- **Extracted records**
────────
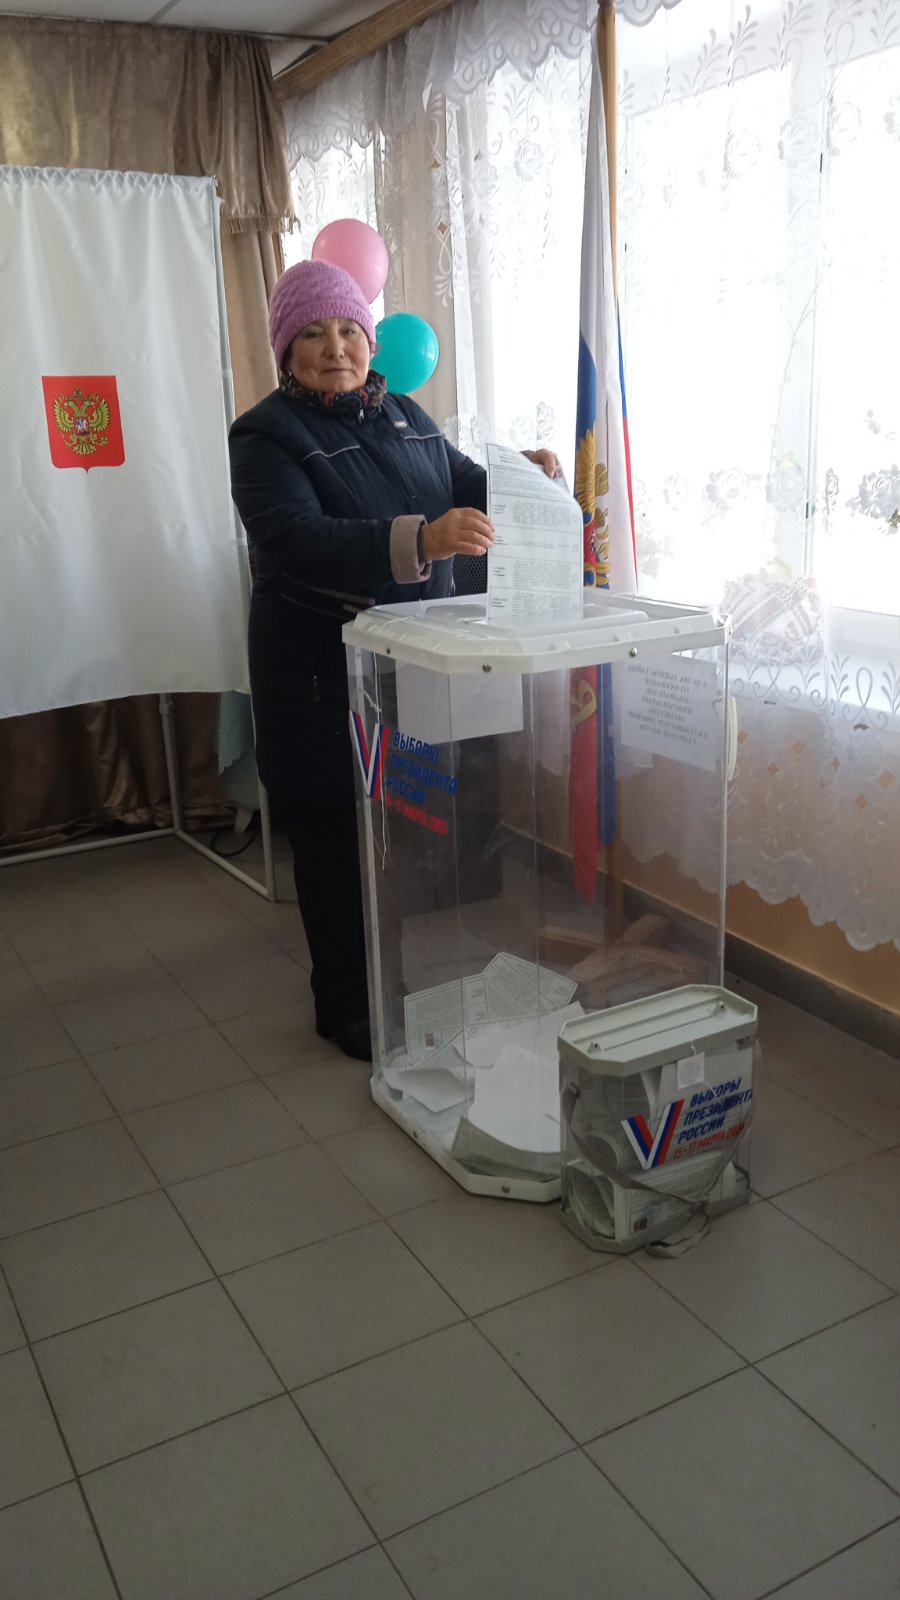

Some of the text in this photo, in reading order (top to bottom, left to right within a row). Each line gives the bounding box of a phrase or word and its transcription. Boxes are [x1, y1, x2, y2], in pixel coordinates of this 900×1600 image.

[394, 731, 440, 762] ВЫБОРЫ
[689, 1077, 742, 1108] ВЫБОРЫ
[677, 1115, 726, 1145] РОССИИ
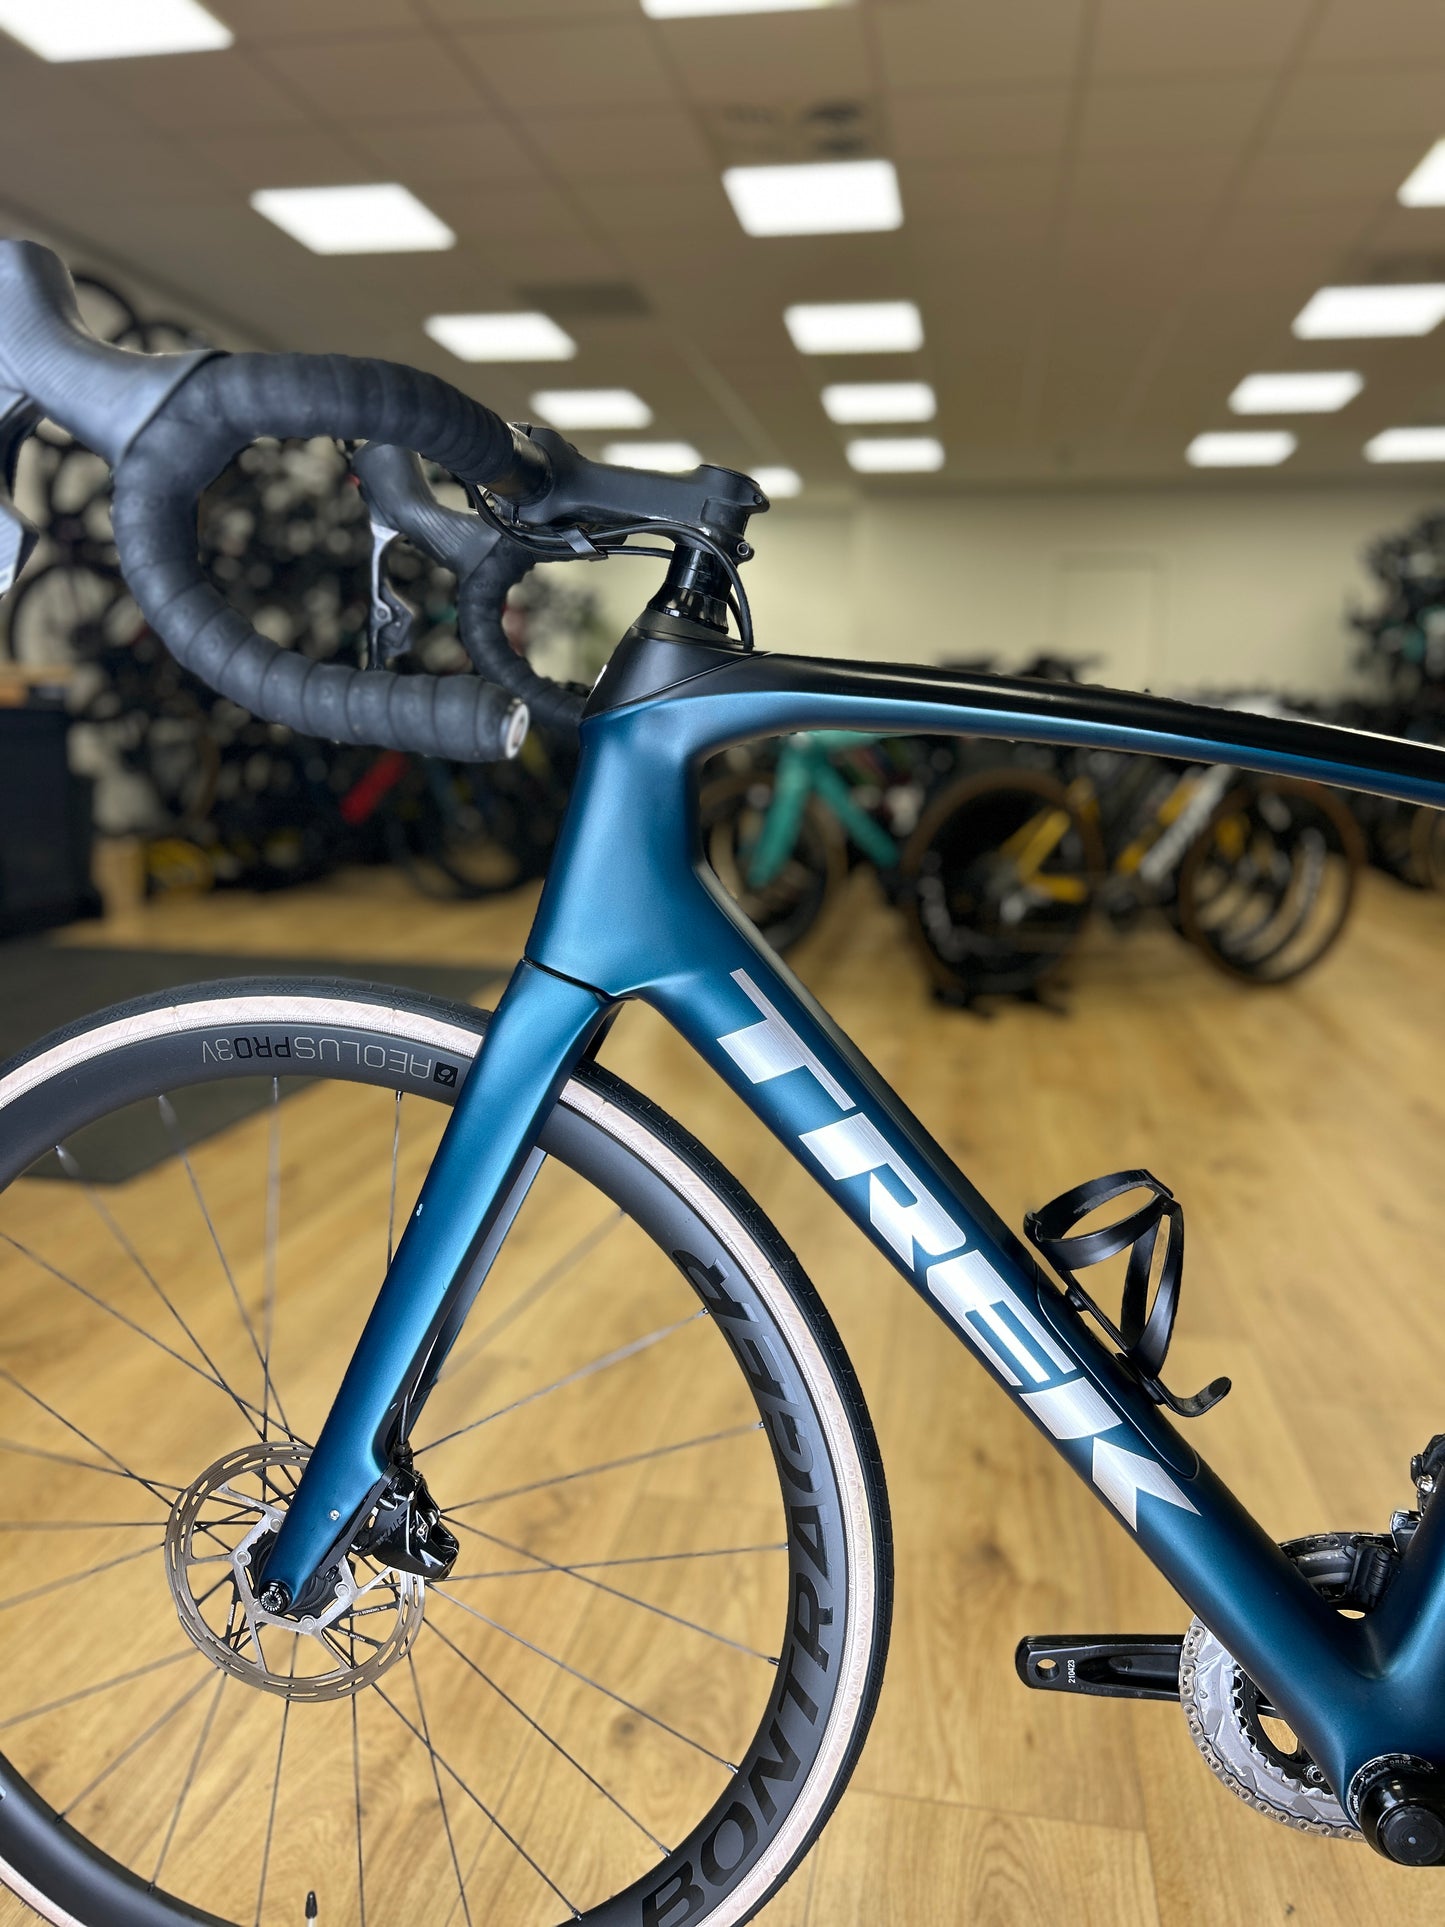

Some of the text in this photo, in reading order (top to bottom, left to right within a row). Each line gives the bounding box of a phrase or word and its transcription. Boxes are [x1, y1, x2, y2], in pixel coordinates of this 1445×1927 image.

[717, 968, 1201, 1532] TREK
[641, 1249, 833, 1927] BONTRAGER
[1067, 1660, 1075, 1683] 210423
────────
The answer should consist of the lines from the one with "this 1445×1927 image." through the last line of the entries, duplicated exactly and nothing more.

Some of the text in this photo, in reading order (top to bottom, left to right within a row). Each line gives the bounding box of a phrase or word and its transcription. Boxes are [x1, y1, x2, y2], in pixel coordinates of this 1445×1927 image.

[717, 968, 1201, 1532] TREK
[641, 1249, 833, 1927] BONTRAGER
[1067, 1660, 1075, 1683] 210423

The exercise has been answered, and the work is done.